The 9-grid checklist forces you to hash out your business priorities regularly, every three years. That way, you end up with a crystal clear view of what you need to focus on and in what period you must work on which components.
Reason 2: Adaptation
When starting any business, the assumptions you start with will drastically change by the time you hit the market. Not only that, but the fast-paced, highly competitive environment in which most online businesses operate end up strangling those that are unwilling to adapt.
Let’s say you run an ecommerce store selling organic and natural cosmetics. Before you open your store, your original business model may look like this:
In this case, we can see that you at first, you thought that the main relationship you had to develop was through loyalty. You also thought that since your products are organic, vegan women would like to buy them. What’s more, you thought that Facebook ads were going to be one of your main costs. And the main price point was between $40 to $60 per sale.
But after a few months of having opened the business, you end up with a business model that looks more like this:
You end up realizing that content is a critical way to communicate with your customers. You also realized that vegan women don’t really care about your products—women with allergies and high sensitivity to cosmetics do. And Amazon, one of the largest platforms for many ecommerce stores, wasn’t useful—instead, Etsy ended up being a great channel.
Also, Facebook ads ended up being way too expensive and complicated, so you changed your approach. What’s more, the logistics that you thought were going to be relatively cheap were not, something that made you change your cost model.
Finally, you found out that your price point was way too high for your customer base, so you had to drop your prices a bit.

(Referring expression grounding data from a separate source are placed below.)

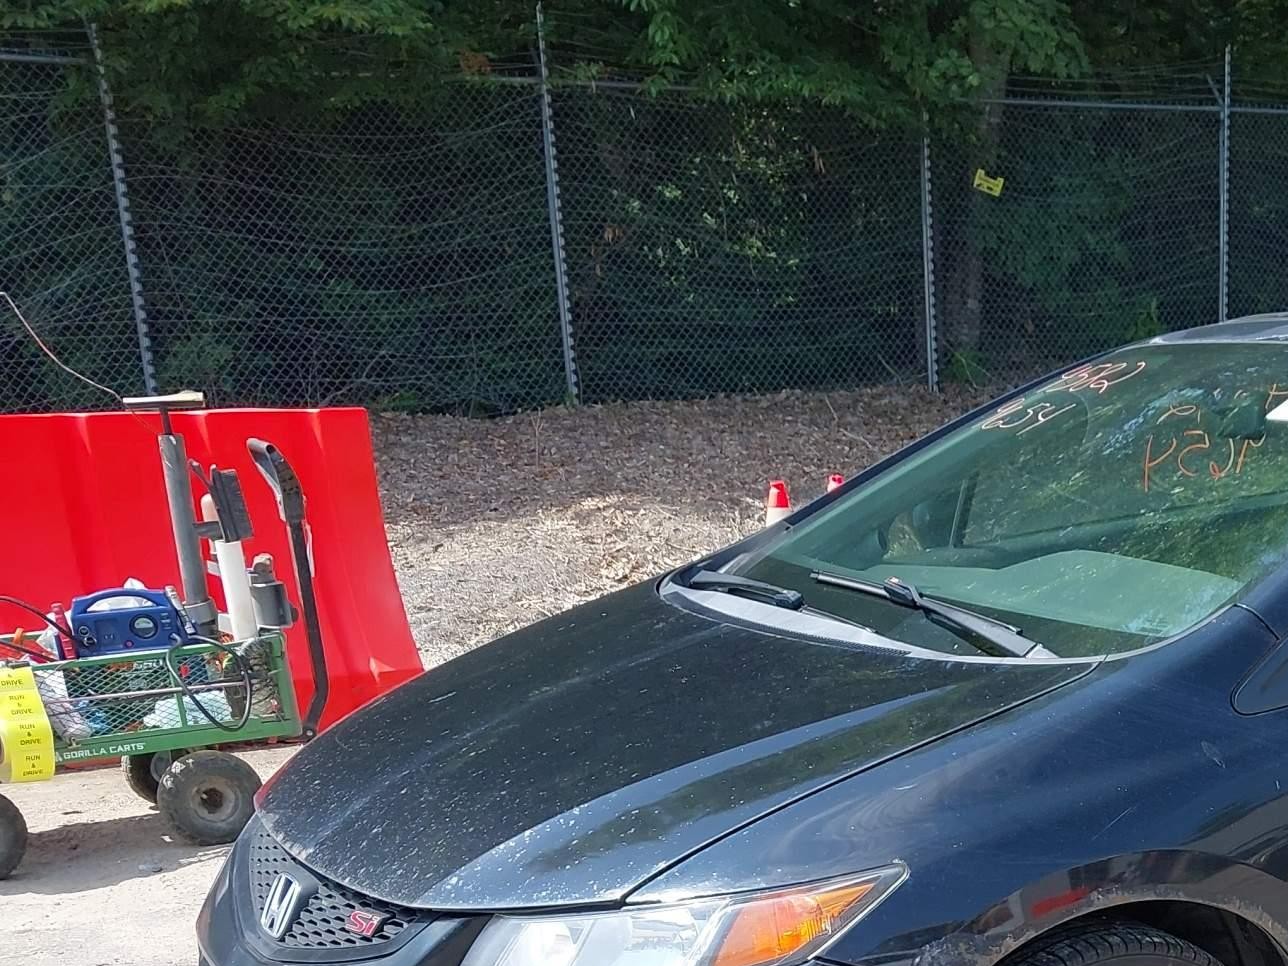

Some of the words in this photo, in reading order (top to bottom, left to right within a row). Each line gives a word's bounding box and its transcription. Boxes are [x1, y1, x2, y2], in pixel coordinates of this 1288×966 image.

[1, 679, 24, 687] DRIVE
[63, 747, 108, 760] GORILLA
[109, 743, 145, 754] CARTS
[343, 909, 381, 937] Si
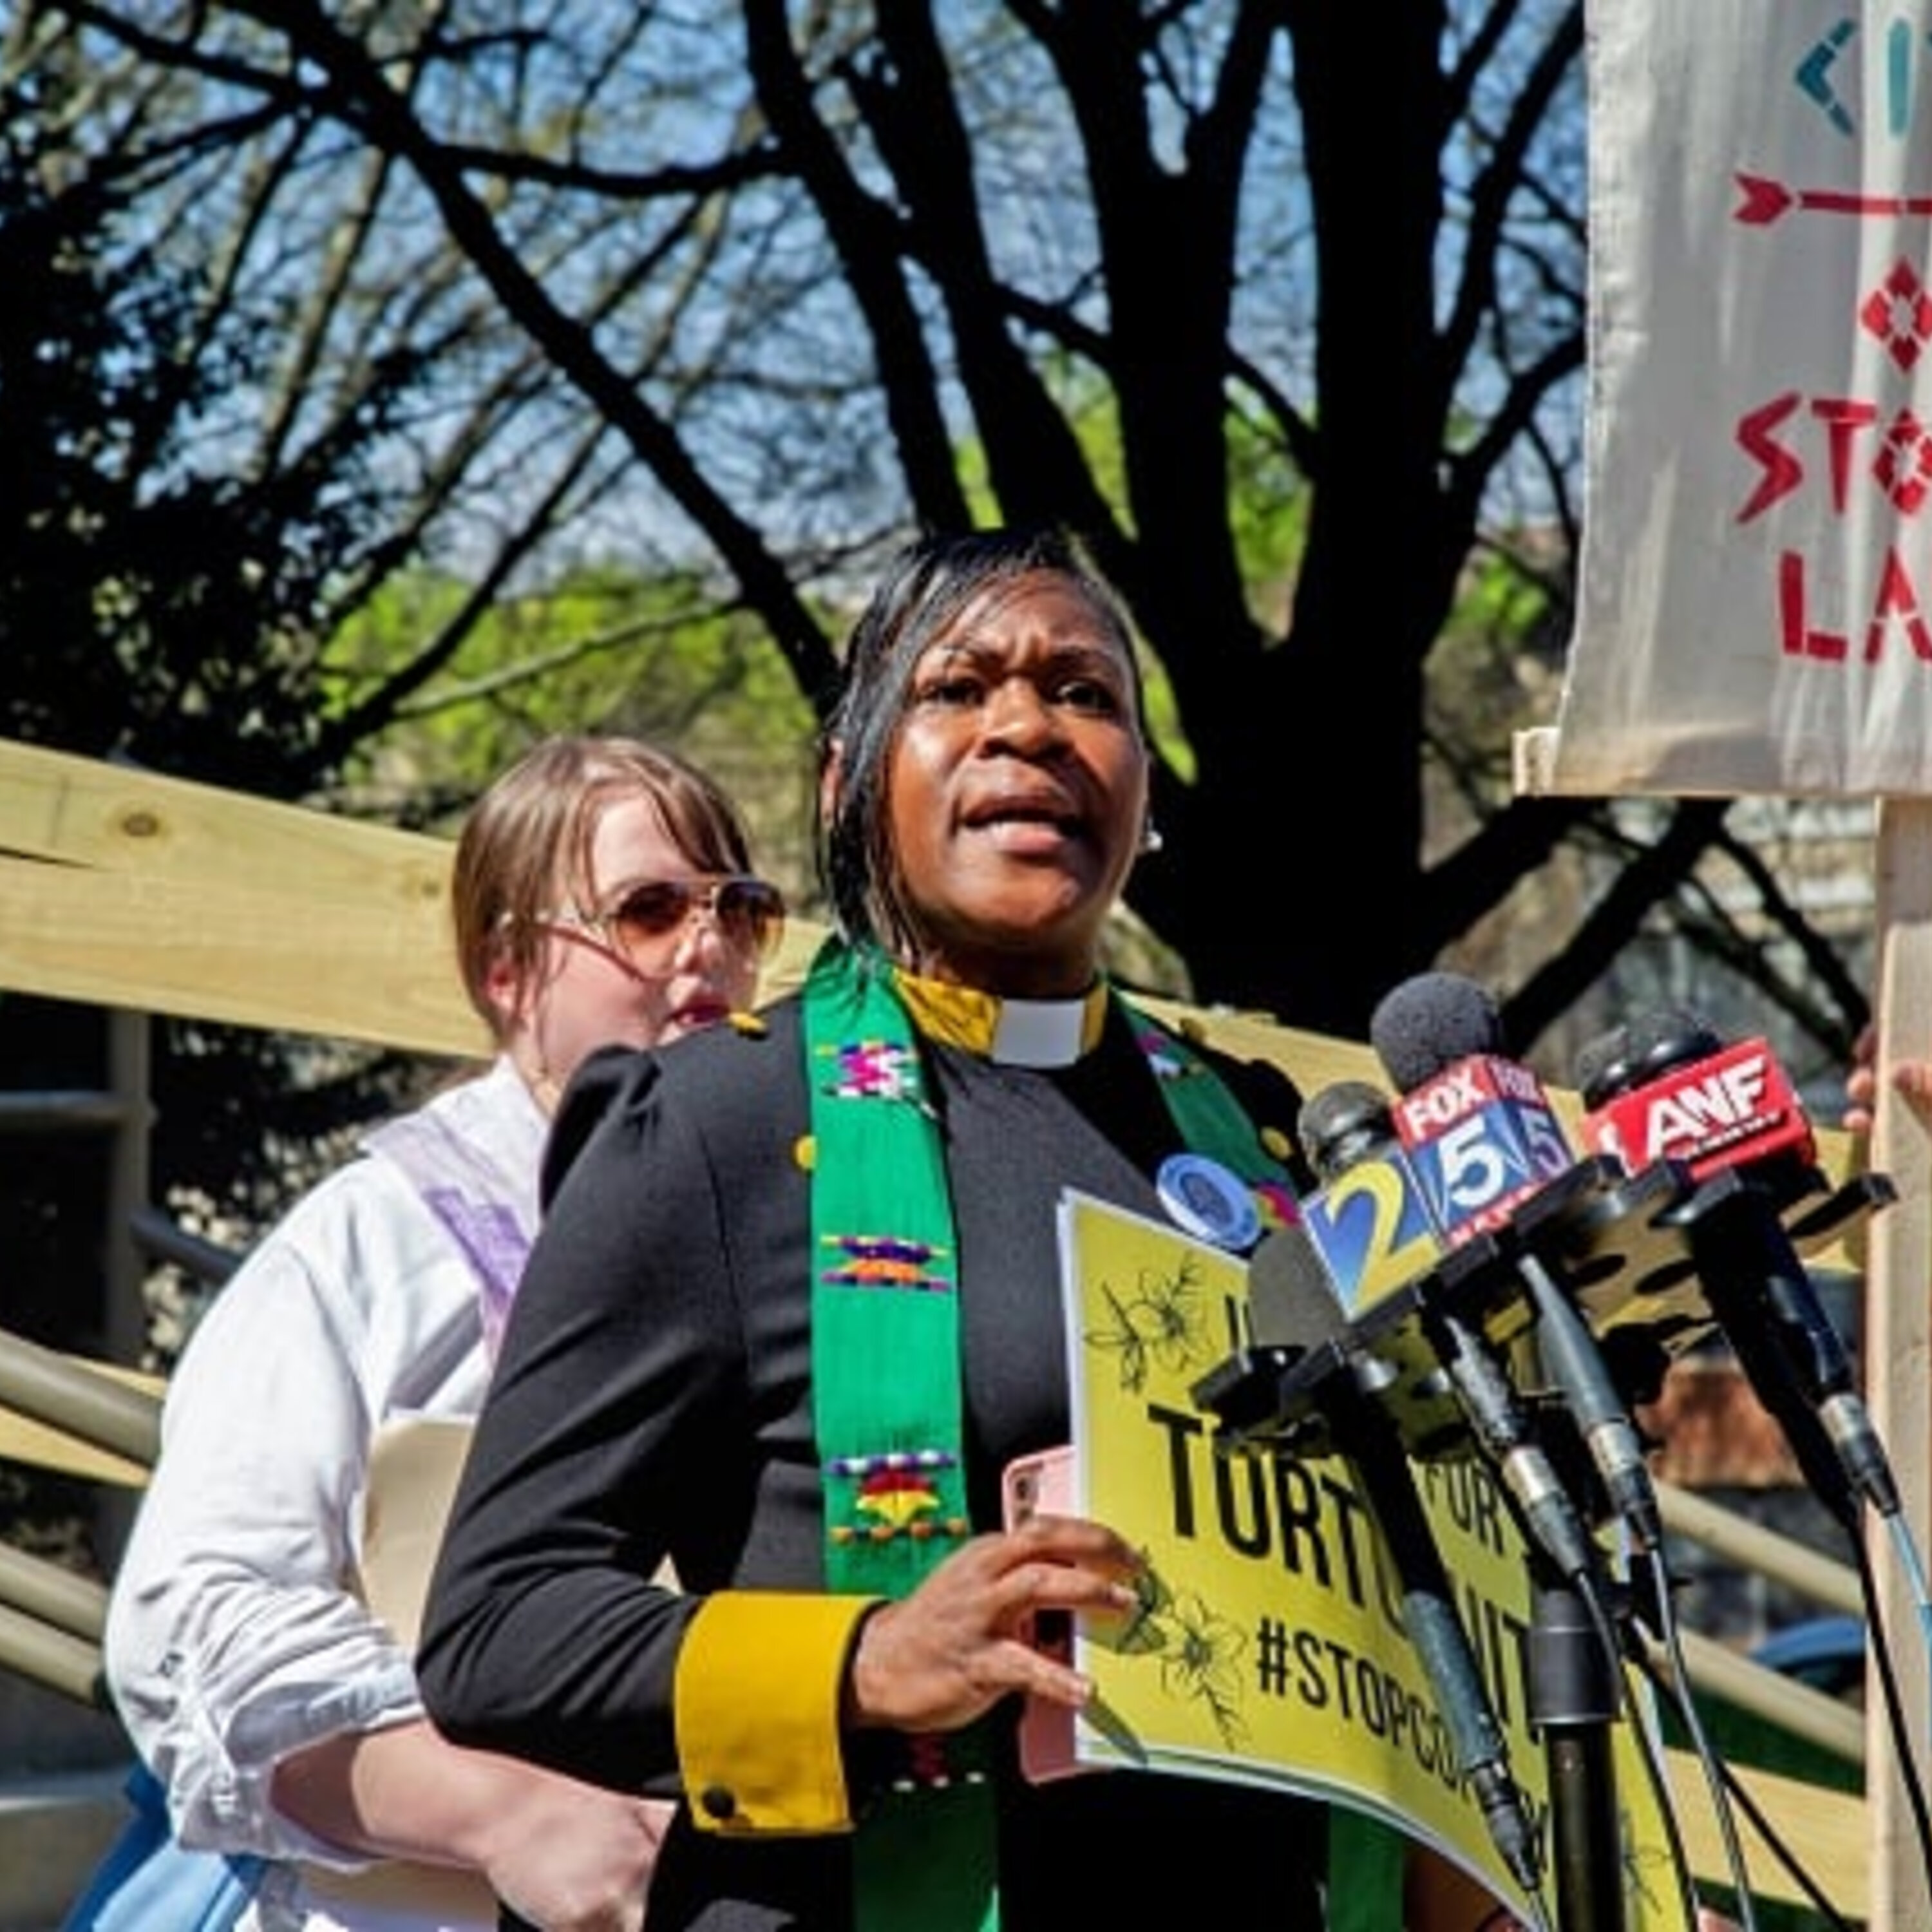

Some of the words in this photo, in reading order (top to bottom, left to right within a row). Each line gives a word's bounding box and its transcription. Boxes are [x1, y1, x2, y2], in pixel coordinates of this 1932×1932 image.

[1405, 1066, 1486, 1142] FOX
[1520, 1107, 1570, 1179] 5
[1647, 1056, 1765, 1162] ANF
[1439, 1114, 1504, 1207] 5
[1325, 1161, 1441, 1319] 2
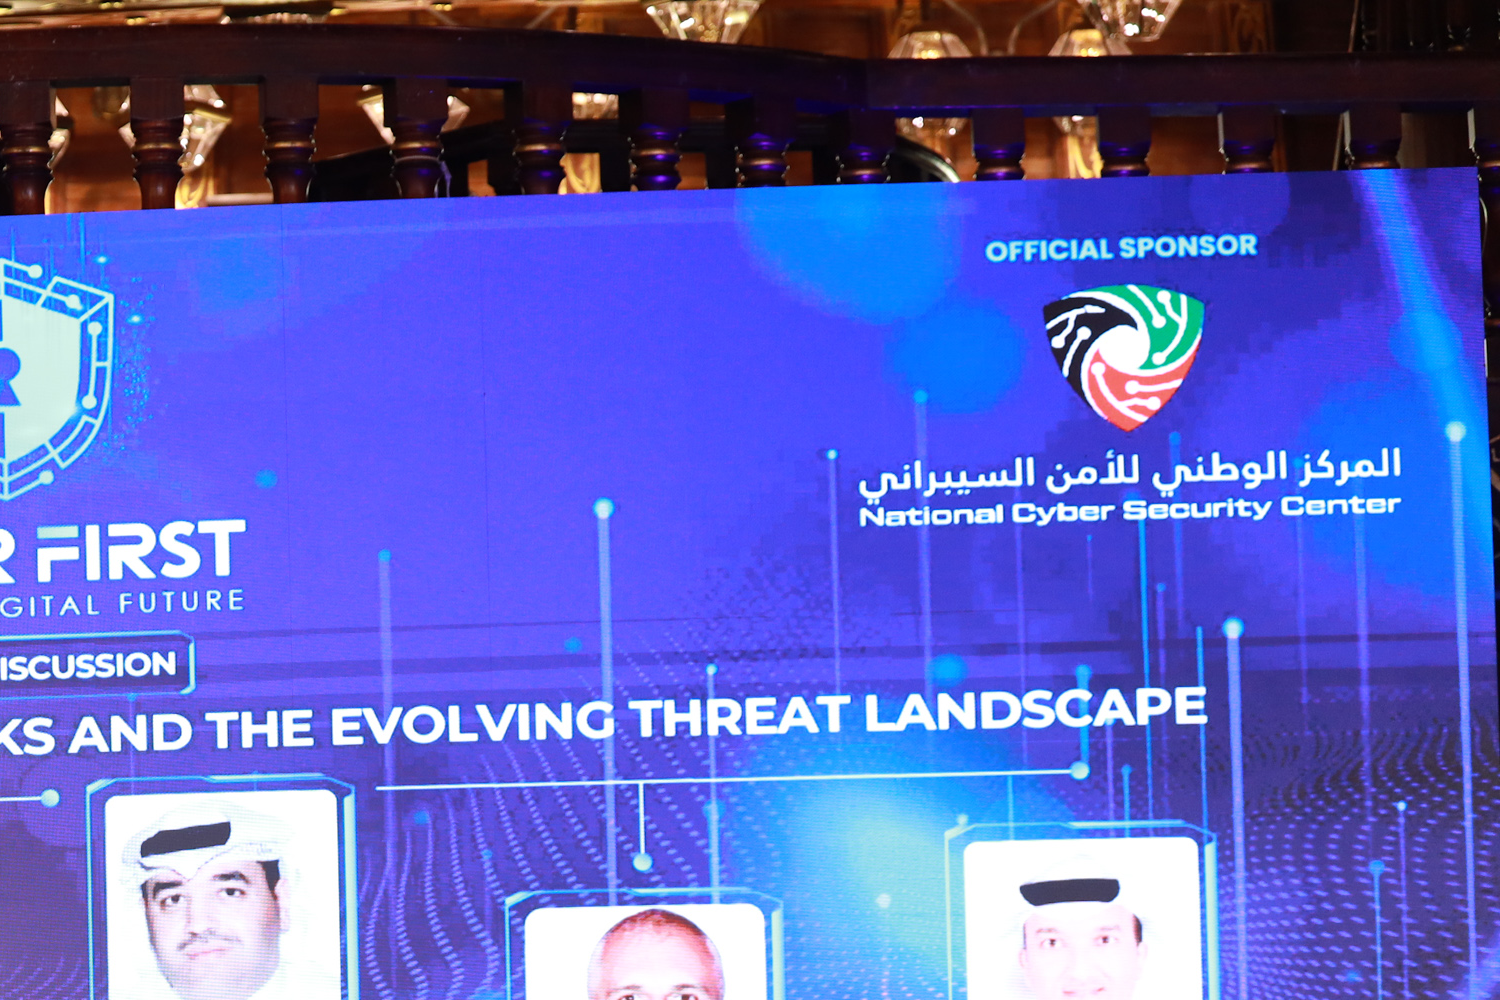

This is an extreme example—some of these changes may take years to unfold. But the point is that your assumptions will be wrong and you must adapt to these changes.
Every quarter, the 9-grid checklist helps you to go through and write what you want to accomplish in the next three years based on the circumstances that you face in the present.
Your business adapts and so does your business plan.
Reason 3: Financial Health
When you first start your online business, it’s easy to fall for lofty goals.
- You want to launch several products
- You want to expand to different international markets
- You want to sell thorough solutions at low prices
These goals, however, can overlook the financial infrastructure required. It’s great to dream, but reality will come crashing down very quickly. You need to have an air-tight budget that defines the natural constraints of your business so you can realistically grow in the shape that your resources allow you to.
You need to be aware of your limits, even though it’s not fun. This pragmatic mentality will help you grow your business on solid ground.
The 9-Grid Checklist: How It Works
Let’s take a look at what the 9-grid checklist looks like in action.
The first part focuses on the overall business strategy. This is the big thing that you want to think about and work on in the next three to five years. It’s also the part of the grid that changes the least. You can’t obviously be changing your strategic goals every quarter or even every year.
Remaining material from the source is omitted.